A survey found over 55% of employees – who shared company data against the rules – claimed their employers did not provide them with tools to share sensitive data securely.

Security policies and practices are vital for any organization, but they're especially important when it comes to insider threats. Here are some steps that IT security teams can take:

  • Build a robust background check process: A robust background check process is crucial to safeguarding business-critical data. Background checks for full-time employees and contractors or vendors can help the company onboard trustworthy people. If an organization lacks the resources and tools to do a background check, it can hire third parties to carry out the verification process. 

  • Making security training a priority during employee onboarding: New employees often lack the requisite skills or training to gel with security best practices seamlessly. Security training during onboarding is critical to help them learn new security protocols and adjust to the new environment. The IT teams must follow the least-privilege principle with new employees while giving them access to resources needed to carry out their duties. 

  • Ensuring continuous mandatory training for all employees: Security threats have evolved with every advancement in technology. Against this backdrop, any organization that does not invest in its employees' continuous upskilling and training invites trouble. Security training should not be a one-time activity. Security training helps employees understand the importance of their actions. It drives home the point on security threats, reiterates the necessity of maintaining the confidentiality of company data, and warns them of the penal or punitive actions that intentional or unintentional data exfiltration could invite. Organizations can automate security training sessions to manage continuous training across all teams. While most employees scowl at mandatory training, gamifying security sessions can be an excellent motivator for ensuring employees do not treat it as a mere tick box.

  • Establish stringent Bring Your Own Device (BYOD) policies: The percolation of the remote work culture has resulted in people using their devices to get official work done. While a convenient feature, using personal devices is replete with pitfalls. IT departments may not extend the same security standards to personal devices compared to company-issued equipment.
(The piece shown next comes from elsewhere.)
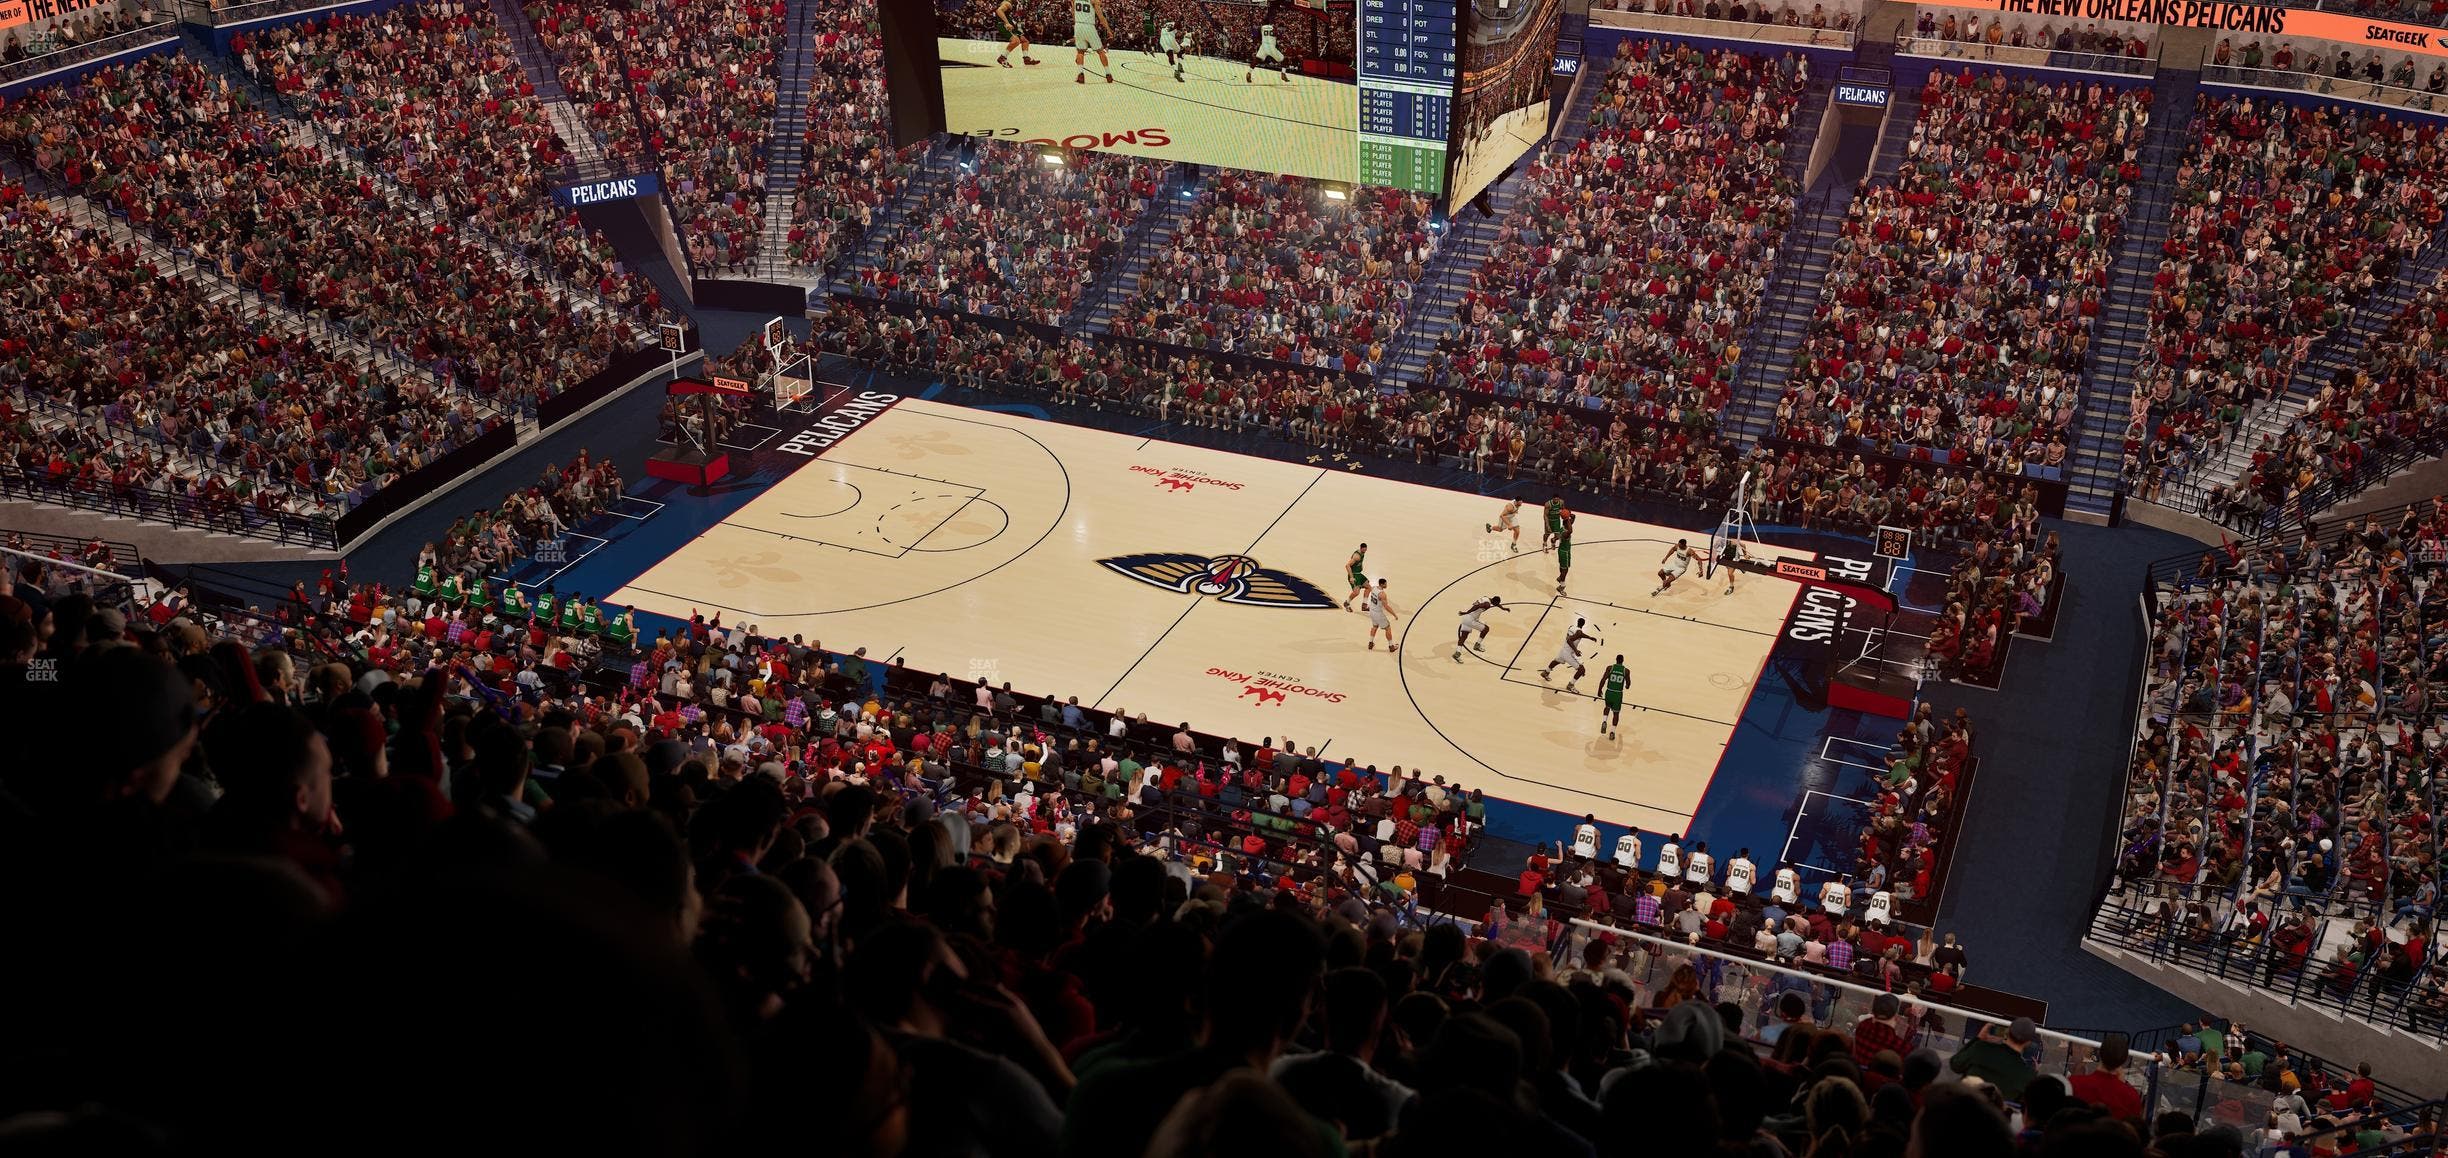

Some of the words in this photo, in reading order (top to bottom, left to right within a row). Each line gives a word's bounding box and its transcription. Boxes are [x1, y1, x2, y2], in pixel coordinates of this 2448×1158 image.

Further, using personal devices increases the security touchpoints, which hackers could exploit to breach the organization's perimeter. The chances of employees storing critical information on their systems spike, resulting in increased opportunities for data exfiltration. Companies must create strict standards and rules for BYOD to ensure all employees adhere to the security norms to maintain data sanctity. Ensure outgoing employees hand over data to the company before exiting. 

  • Ensuring security policies are implemented while off-boarding: An employee about to leave will most likely take data security less seriously. The chances of such employees taking company data along with them are also high. Last year, Pfizer alleged

    that a former employee exfiltrated data related to Covid vaccine trade secrets when they left the company. In another case, Qualcomm reported that a long-term employee exfiltrated confidential data and propriety information to their accounts before leaving for a new job. IT departments must identify and monitor high-risk groups to prevent such scenarios. They must put in place policies for employees about to leave. 
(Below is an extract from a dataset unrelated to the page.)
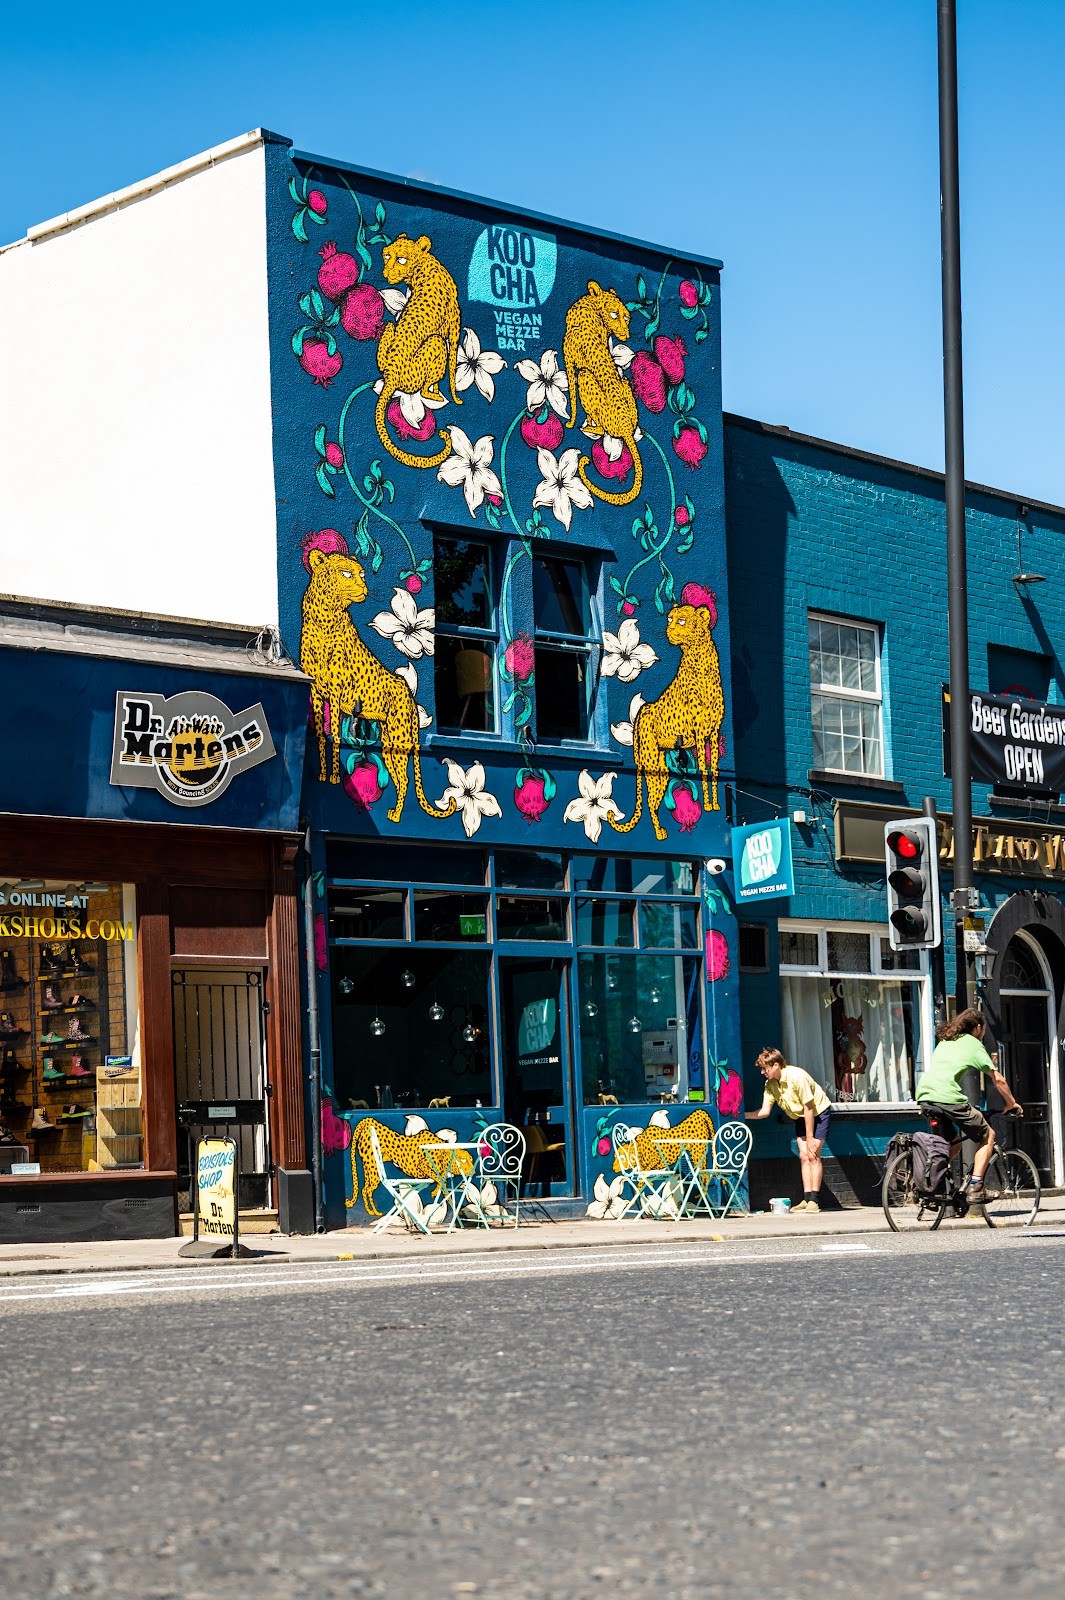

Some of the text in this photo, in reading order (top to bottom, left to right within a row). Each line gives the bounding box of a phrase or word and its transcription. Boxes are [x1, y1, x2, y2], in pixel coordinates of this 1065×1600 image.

According to a report, insider threats caused a financial burden of around $11.45 million in just two years. Negligent employees generated a whopping 62% of the attacks, and the remaining (23% & 14%) were caused due to criminals and insiders. Data security is crucial for any organization. The increasing cases of data breaches have forced organizations to sit up and take notice of their vulnerabilities.

With the high turnover rate in many places of business, insider threats need to be monitored constantly. The points discussed in this article will help you implement the necessary security protocols to keep your data safe from insider threats.